(Dataset excerpts begins)

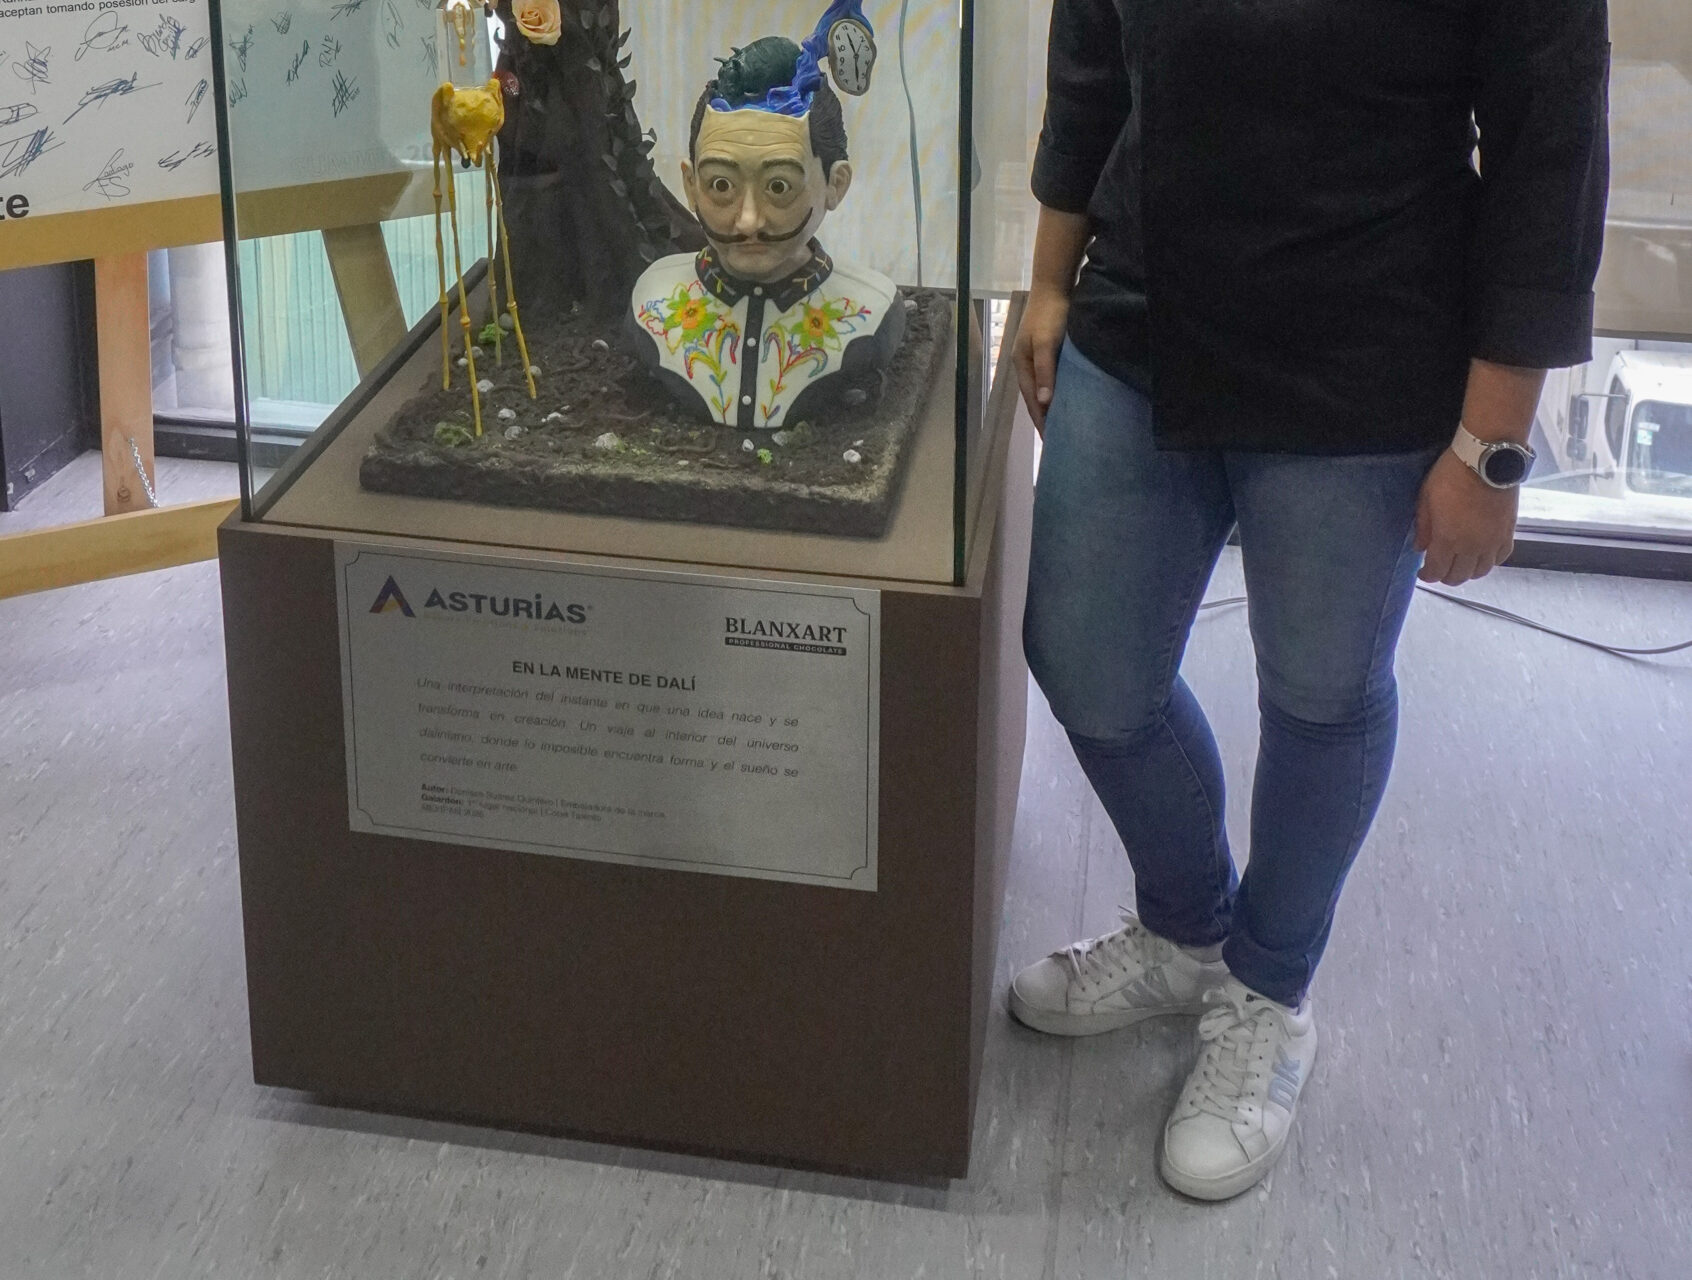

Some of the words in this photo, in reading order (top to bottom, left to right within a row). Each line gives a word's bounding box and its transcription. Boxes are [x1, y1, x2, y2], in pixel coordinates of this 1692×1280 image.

[47, 1, 94, 14] tomando
[725, 616, 847, 643] BLANXART
[728, 638, 790, 650] PROFESSIONAL
[512, 661, 534, 675] EN
[540, 664, 561, 677] LA
[566, 666, 623, 684] MENTE
[629, 672, 652, 687] DE
[657, 675, 696, 691] DALÍ
[417, 678, 440, 690] Una
[448, 682, 528, 699] interpretación
[536, 691, 554, 703] del
[637, 704, 660, 715] que
[698, 708, 723, 720] idea
[731, 712, 762, 723] nace
[769, 717, 777, 727] y
[784, 717, 799, 727] se
[418, 703, 479, 719] transforma
[580, 720, 597, 731] Un
[644, 727, 655, 738] al
[717, 735, 736, 746] del
[747, 737, 799, 753] universo
[420, 753, 473, 767] convierte
[481, 734, 519, 748] donde
[525, 739, 535, 750] lo
[541, 741, 598, 757] imposible
[603, 749, 664, 764] encuentra
[670, 756, 704, 768] forma
[710, 761, 718, 771] y
[723, 760, 734, 770] el
[741, 762, 777, 775] sueño
[783, 767, 799, 777] se

(Dataset excerpts ends)

With every picture removed, give the entries above again exactly.

Some of the words in this photo, in reading order (top to bottom, left to right within a row). Each line gives a word's bounding box and its transcription. Boxes are [x1, y1, x2, y2], in pixel coordinates of this 1692×1280 image.

[47, 1, 94, 14] tomando
[725, 616, 847, 643] BLANXART
[728, 638, 790, 650] PROFESSIONAL
[512, 661, 534, 675] EN
[540, 664, 561, 677] LA
[566, 666, 623, 684] MENTE
[629, 672, 652, 687] DE
[657, 675, 696, 691] DALÍ
[417, 678, 440, 690] Una
[448, 682, 528, 699] interpretación
[536, 691, 554, 703] del
[637, 704, 660, 715] que
[698, 708, 723, 720] idea
[731, 712, 762, 723] nace
[769, 717, 777, 727] y
[784, 717, 799, 727] se
[418, 703, 479, 719] transforma
[580, 720, 597, 731] Un
[644, 727, 655, 738] al
[717, 735, 736, 746] del
[747, 737, 799, 753] universo
[420, 753, 473, 767] convierte
[481, 734, 519, 748] donde
[525, 739, 535, 750] lo
[541, 741, 598, 757] imposible
[603, 749, 664, 764] encuentra
[670, 756, 704, 768] forma
[710, 761, 718, 771] y
[723, 760, 734, 770] el
[741, 762, 777, 775] sueño
[783, 767, 799, 777] se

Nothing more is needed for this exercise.